Task input: Begin
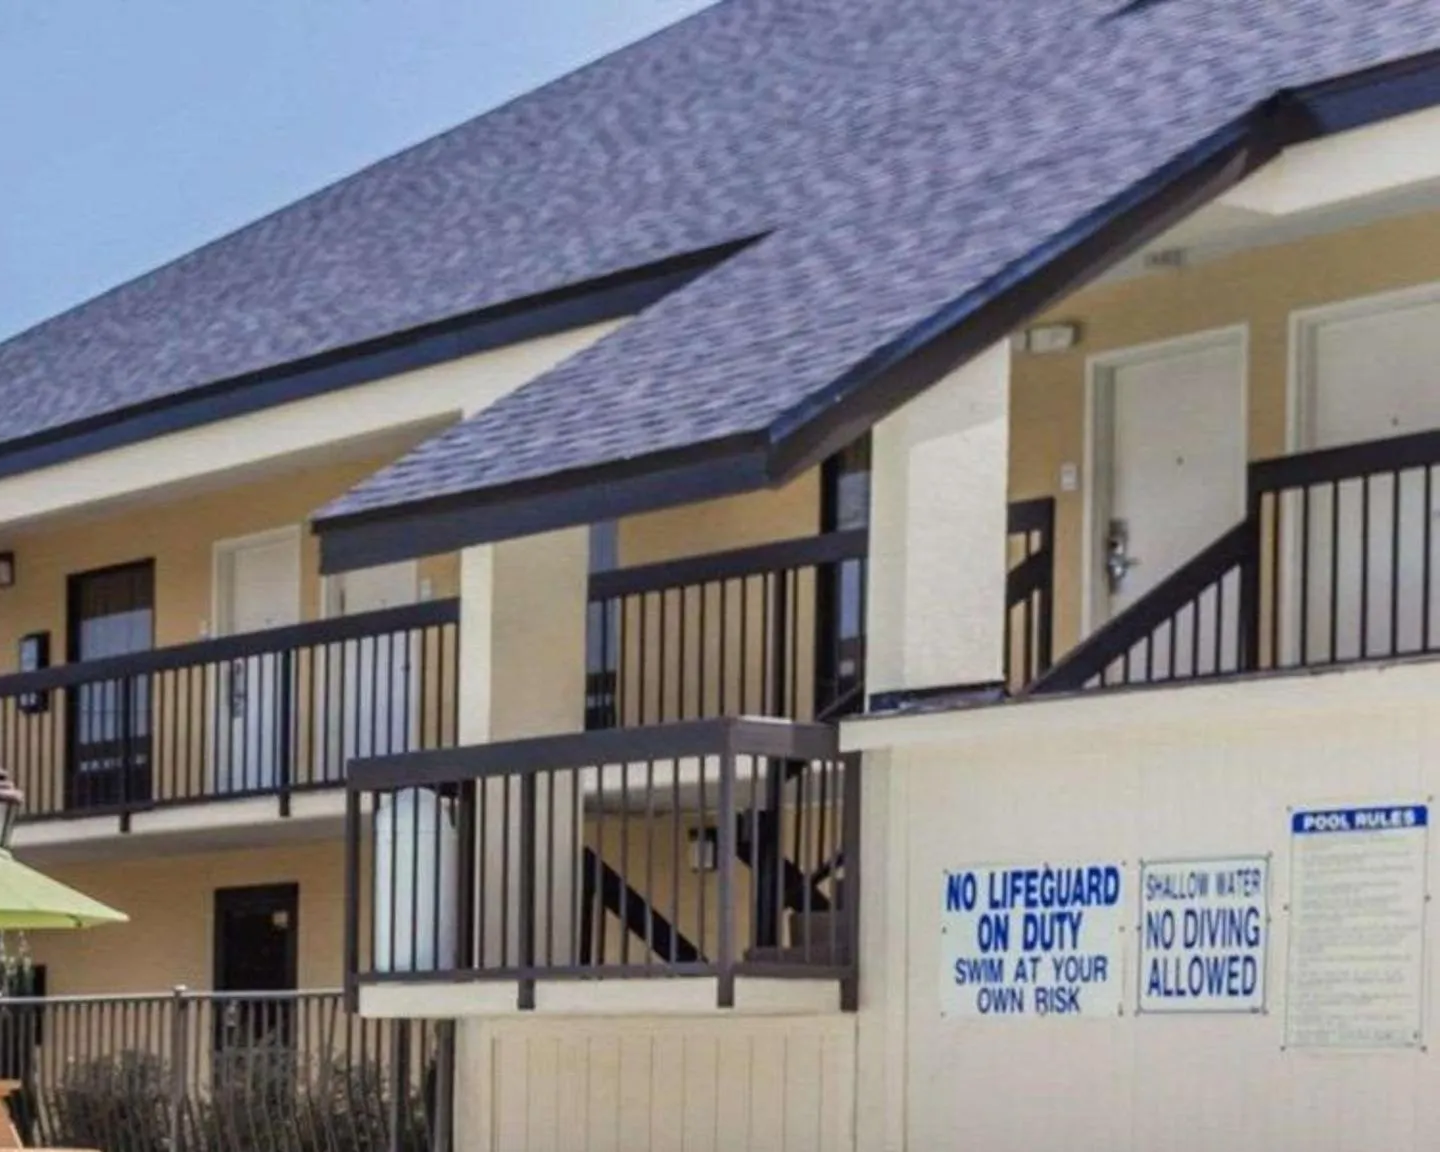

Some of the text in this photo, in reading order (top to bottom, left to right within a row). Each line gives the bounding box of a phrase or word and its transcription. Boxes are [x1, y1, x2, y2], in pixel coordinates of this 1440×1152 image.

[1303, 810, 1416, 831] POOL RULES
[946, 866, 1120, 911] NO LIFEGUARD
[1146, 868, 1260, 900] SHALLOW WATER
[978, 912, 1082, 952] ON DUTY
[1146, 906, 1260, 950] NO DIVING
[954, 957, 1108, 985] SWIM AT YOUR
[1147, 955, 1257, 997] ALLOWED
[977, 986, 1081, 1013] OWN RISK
Task input: End
■ Work to be completed
Would you print all of the entries exactly, omitting any image?

■ Answer below
Some of the text in this photo, in reading order (top to bottom, left to right within a row). Each line gives the bounding box of a phrase or word and its transcription. Boxes are [x1, y1, x2, y2], in pixel coordinates of this 1440×1152 image.

[1303, 810, 1416, 831] POOL RULES
[946, 866, 1120, 911] NO LIFEGUARD
[1146, 868, 1260, 900] SHALLOW WATER
[978, 912, 1082, 952] ON DUTY
[1146, 906, 1260, 950] NO DIVING
[954, 957, 1108, 985] SWIM AT YOUR
[1147, 955, 1257, 997] ALLOWED
[977, 986, 1081, 1013] OWN RISK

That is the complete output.